Todo el que ha bebido cerveza ha notado que le provoca necesidad de orinar, y no sólo por el líquido ingerido.
Las ganas de orinar tomando cerveza son muy superiores a las que podemos sufrir tomando la misma cantidad de agua.
| manneken pis (en.wikipedia.org) |
Esto es debido a que la cerveza tiene un importante efecto diurético, es decir, hace que se incremente la cantidad de orina formada en los riñones y, en consecuencia, que se llene antes la vejiga urinaria, aumentando la necesidad de orinar.
Dicho de otro modo, la ingesta de cerveza estimula la diuresis, es decir la formación de orina.
Hay otras muchas sustancias con efectos diuréticos, como el café, el té, los espárragos o el alcohol.
¿Cómo se produce el efecto diurético?
El control de la cantidad de líquido que se expulsa con la orina se lleva a cabo principalmente a través de la acción de una hormona, la ADH (hormona antidiurética o Vasopresina).
Esta hormona, que se produce en el Hipotálamo y se almacena en la Hipófisis (la principal de las glándulas endocrinas, situada en la base del encéfalo), actúa favoreciendo la recuperación de agua en el riñón, es decir, concentrando la orina.
Esto lo hace con el fin de controlar la cantidad de agua presente en la sangre y otros líquidos internos, de manera que el Sistema Nervioso Autónomo (el que controla de forma automática el funcionamiento de nuestro cuerpo) hace que se produzca mayor o menor cantidad de esa hormona para regular la cantidad de agua que debe eliminarse.
Entonces, cuando hay que retener agua, se forma más cantidad de ADH, y a la inversa.
El efecto diurético de la cerveza y otras sustancias reside fundamentalmente en que inhiben la secreción de ADH, de manera que reducen la capacidad de retención de agua en los riñones y aumentan el volumen de la orina, haciendo que la vejiga se llene con mayor rapidez.
¿Dónde reside el poder diurético de la cerveza?
El responsable de que la cerveza posea efecto diurético es el lúpulo.

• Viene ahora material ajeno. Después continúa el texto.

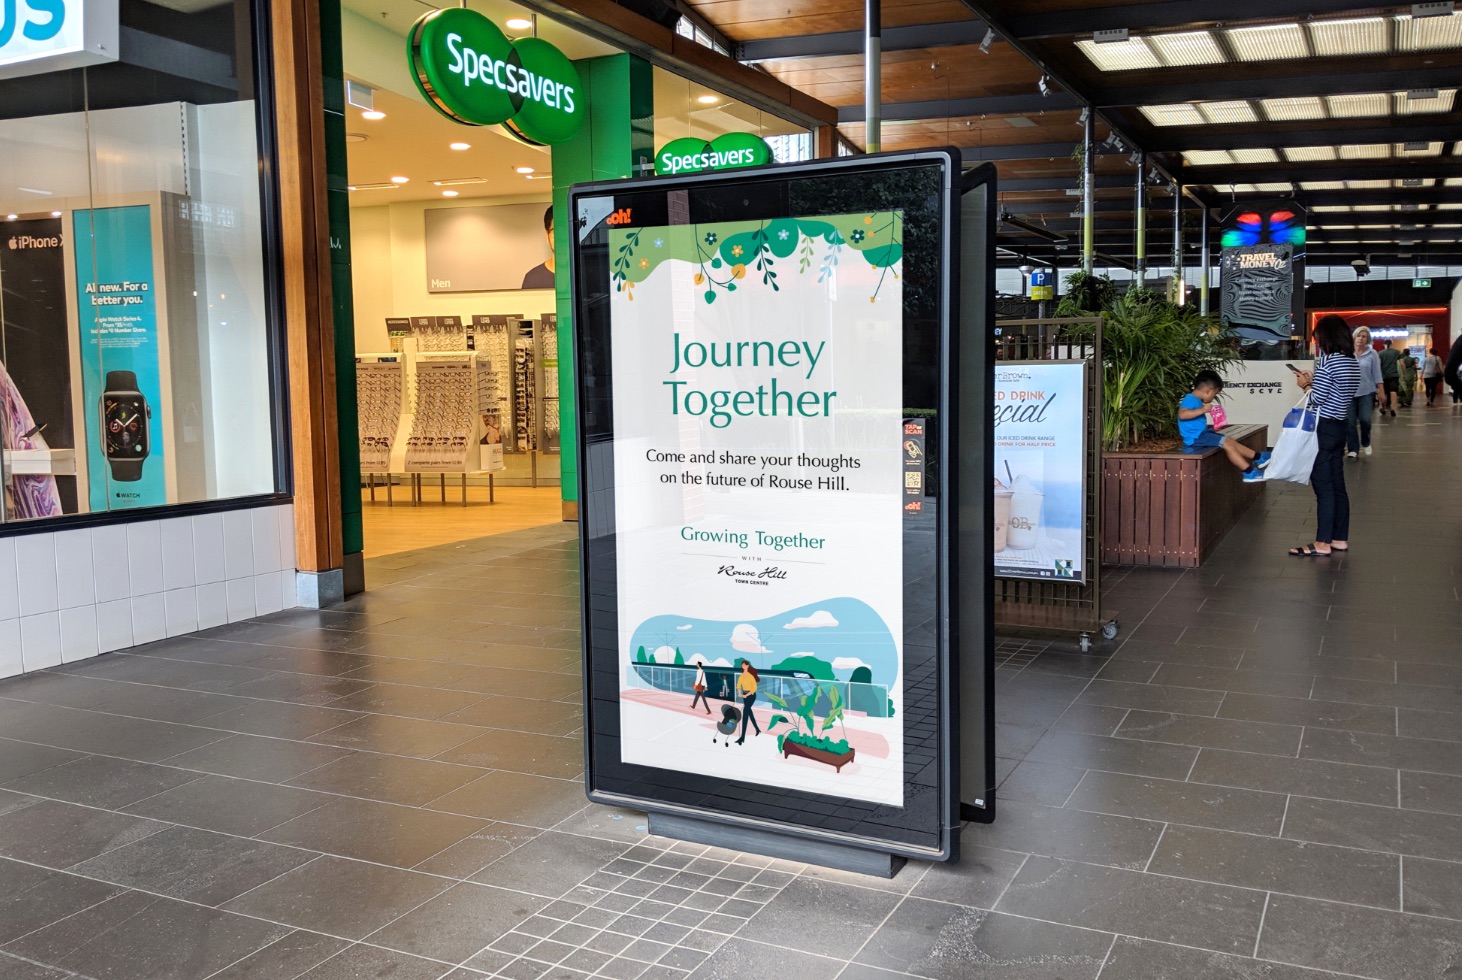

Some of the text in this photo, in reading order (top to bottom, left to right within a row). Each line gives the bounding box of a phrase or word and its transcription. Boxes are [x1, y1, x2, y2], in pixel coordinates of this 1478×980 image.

[446, 32, 575, 114] Specsavers
[661, 148, 754, 175] Specsavers
[19, 236, 58, 249] iPhone
[1240, 252, 1277, 262] TRAVEL
[1240, 260, 1275, 269] MONEY
[431, 279, 451, 288] Men
[1037, 273, 1045, 285] P
[85, 281, 148, 293] Al new. For a
[91, 295, 143, 306] better you.
[670, 333, 825, 379] Journey
[1010, 391, 1045, 400] DRINK
[662, 378, 837, 428] Together
[646, 449, 861, 472] Come and share your thoughts
[660, 471, 850, 491] on the future of Rouse Hill.
[681, 526, 826, 551] Growing Together
[717, 565, 787, 580] Rouse Hill

| Flores de lúpulo (tierradecerveza.com) |
El lúpulo (Humulus lupulus) es una planta herbácea perenne y trepadora de la familia de las Cannabaceae, cuyas flores (principalmente las femeninas) eran utilizadas antiguamente por tener propiedades medicinales (sedante, tónico, depurativo, cicatrizante, etc.).
En los albores de la fabricación de la cerveza, la necesidad de protegerla de la acción de bacterias llevó a probar diferentes productos vegetales con efectos estabilizantes. Finalmente acabaron utilizándose las flores de lúpulo, ya que además de su efecto bactericida, se comprobó que proporcionaba un agradable amargor que compensaba el sabor dulce de la malta y que además estimulaba el apetito.
Las flores del lúpulo, especialmente las femeninas (es una planta dioica, es decir, posee flores masculinas y femeninas), contienen una gran variedad de alcaloides, ácidos y aceites esenciales, además de unas resinas amargas, denominadas en conjunto lupulina, que son las que le proporcionan un sabor fuertemente amargo a la cerveza.
Pues bien, esta lupulina tiene un fuerte efecto diurético y es la principal responsable de que la cerveza nos haga orinar más de lo habitual. También el alcohol colabora, pues tiene el mismo efecto que la lupulina, con lo cual ambos se suman y potencian el poder diurético de la cerveza.
Pero también estas sustancias son las que proporcionan a la cerveza ciertos efectos beneficiosos para la salud (siempre consumida con moderación, evidentemente), como incrementar los niveles de HDL ("colesterol bueno"), el retraso de la menopausia, efectos antioxidantes, etc.